70. Alive
Les quelques secondes de silence qui suivent augmentent encore la tension de mes muscles. Je ne sais vraiment pas ce qui m'a pris de lui dire ça.
- D'accord.
Heu... C'est tout ?
- Tu n'es pas en colère ?
- Non. Je devrais, mais non. J'ai pas envie de ça, Mel.
Abasourdie par son absence de réaction, je ne sais pas quoi répondre. En temps normal, il y a déjà longtemps qu'Ayden aurait déversé toute sa jalousie et sa peur de me perdre sur moi. Pourquoi ne le fait-il pas ?

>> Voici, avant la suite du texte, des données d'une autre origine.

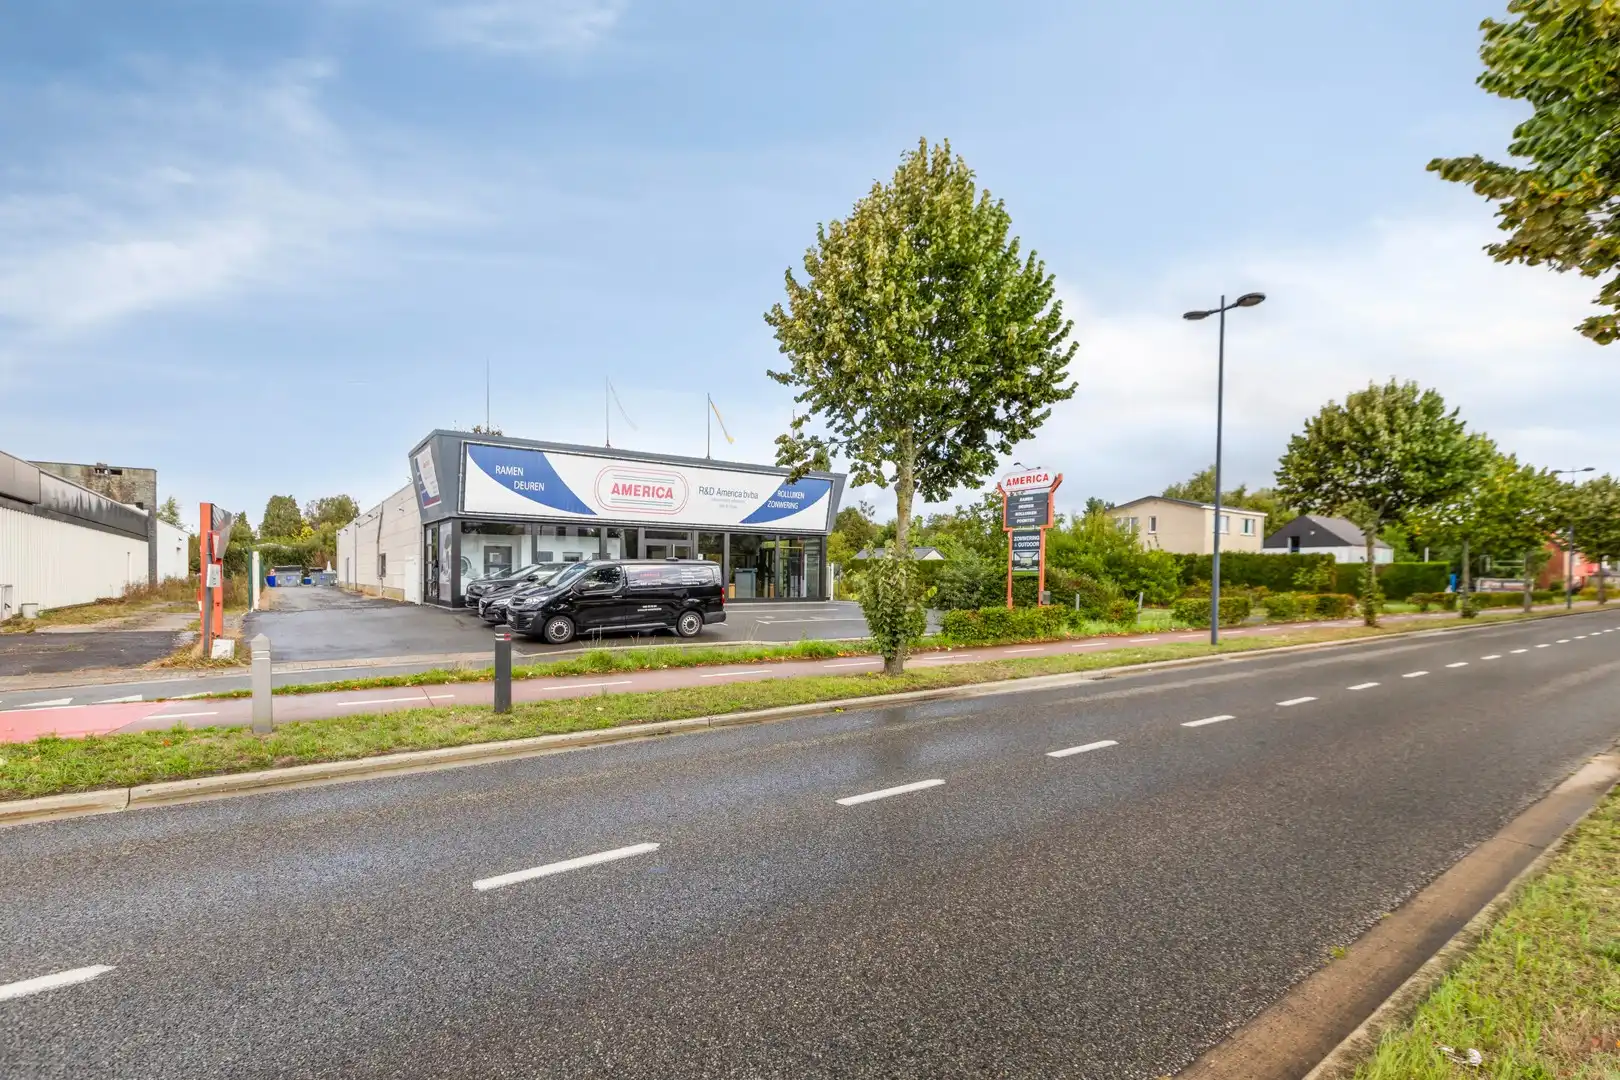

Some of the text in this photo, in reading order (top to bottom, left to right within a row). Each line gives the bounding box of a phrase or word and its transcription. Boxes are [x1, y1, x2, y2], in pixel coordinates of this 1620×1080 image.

[495, 465, 524, 477] RAMEN
[513, 480, 545, 492] DEUREN
[1006, 473, 1049, 487] AMERICA
[611, 482, 673, 499] AMERICA
[698, 486, 759, 499] R&D America bvba
[777, 489, 805, 500] ROLLUIKEN
[767, 500, 799, 510] ZONWERING

- D'accord. Tu es sûr que tout va bien ? Je ne voulais pas te mentir. Mais j'avais peur de ta réaction.
- Si tu me dis que ça n'a pas la moindre putain d'importance, je te crois.
Est-ce qu'il aurait par hasard subi un lavage de cerveau ?

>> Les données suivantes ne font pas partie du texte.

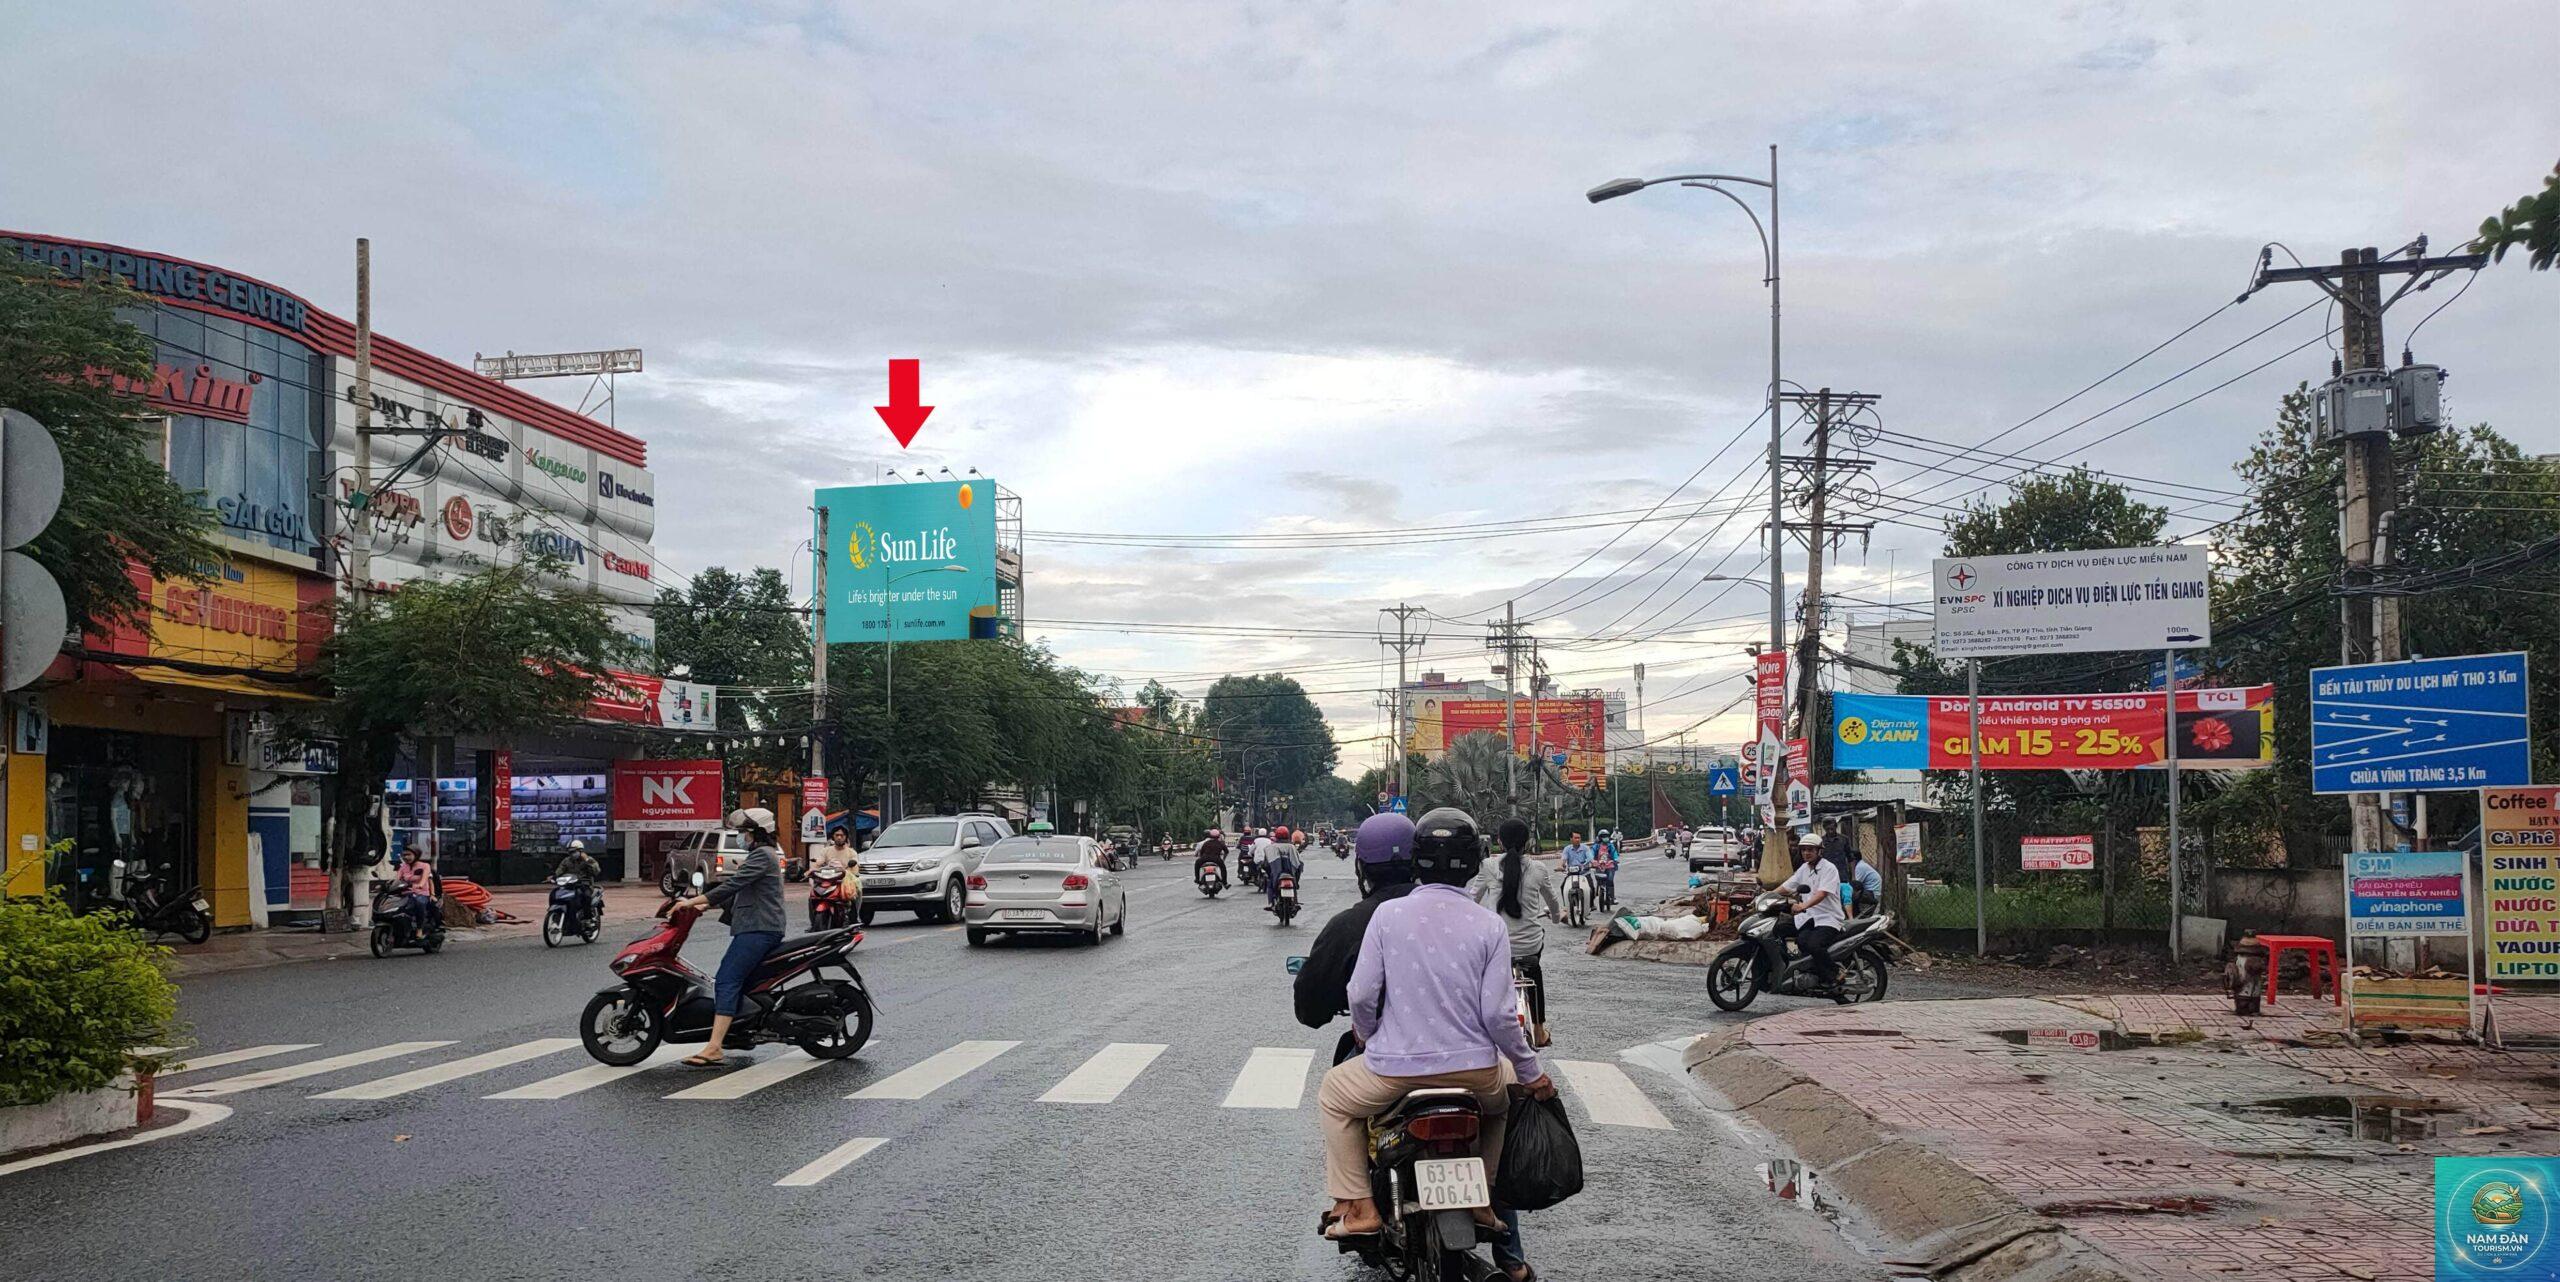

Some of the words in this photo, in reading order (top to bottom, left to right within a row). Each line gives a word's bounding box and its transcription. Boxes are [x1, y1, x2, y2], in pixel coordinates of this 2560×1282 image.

- Ça n'a pas la moindre putain d'importance, je souris en maltraitant une des mes mèches de cheveux. Je te le promets.
- Okay. C'est bon.
Le timbre légèrement plus grave que d'habitude de sa voix ne me rassure pas complètement. Et je n'arrive pas à me faire à l'idée qu'il accepte sans discuter une conversation banale avec mon ex. Il ne l'a jamais supporté.
- Donc, tout va bien ?
- Respire, Mel. Je veux juste être avec toi.
- Moi aussi, je soupire, pour de bon cette fois. Qu'est-ce que tu fais de beau ?
Je ne sais pas ce qui se passe. Je ne sais pas ce qui s'est passé pour que les choses deviennent aussi simples entre nous. Ça ne durera peut-être pas, mais j'ai la sensation étrange que tout ce que nous avons pu vivre de douloureux jusqu'à maintenant n'a plus la moindre importance. Comme si ces mois séparés nous avaient permis de prendre conscience que l'essentiel ne se trouve pas dans nos disputes, ni même dans cette colère qui anime notre relation depuis le départ. Quand il ne reste rien d'autre entre nous que ce besoin que nous avons l'un de l'autre, tout paraît plus clair.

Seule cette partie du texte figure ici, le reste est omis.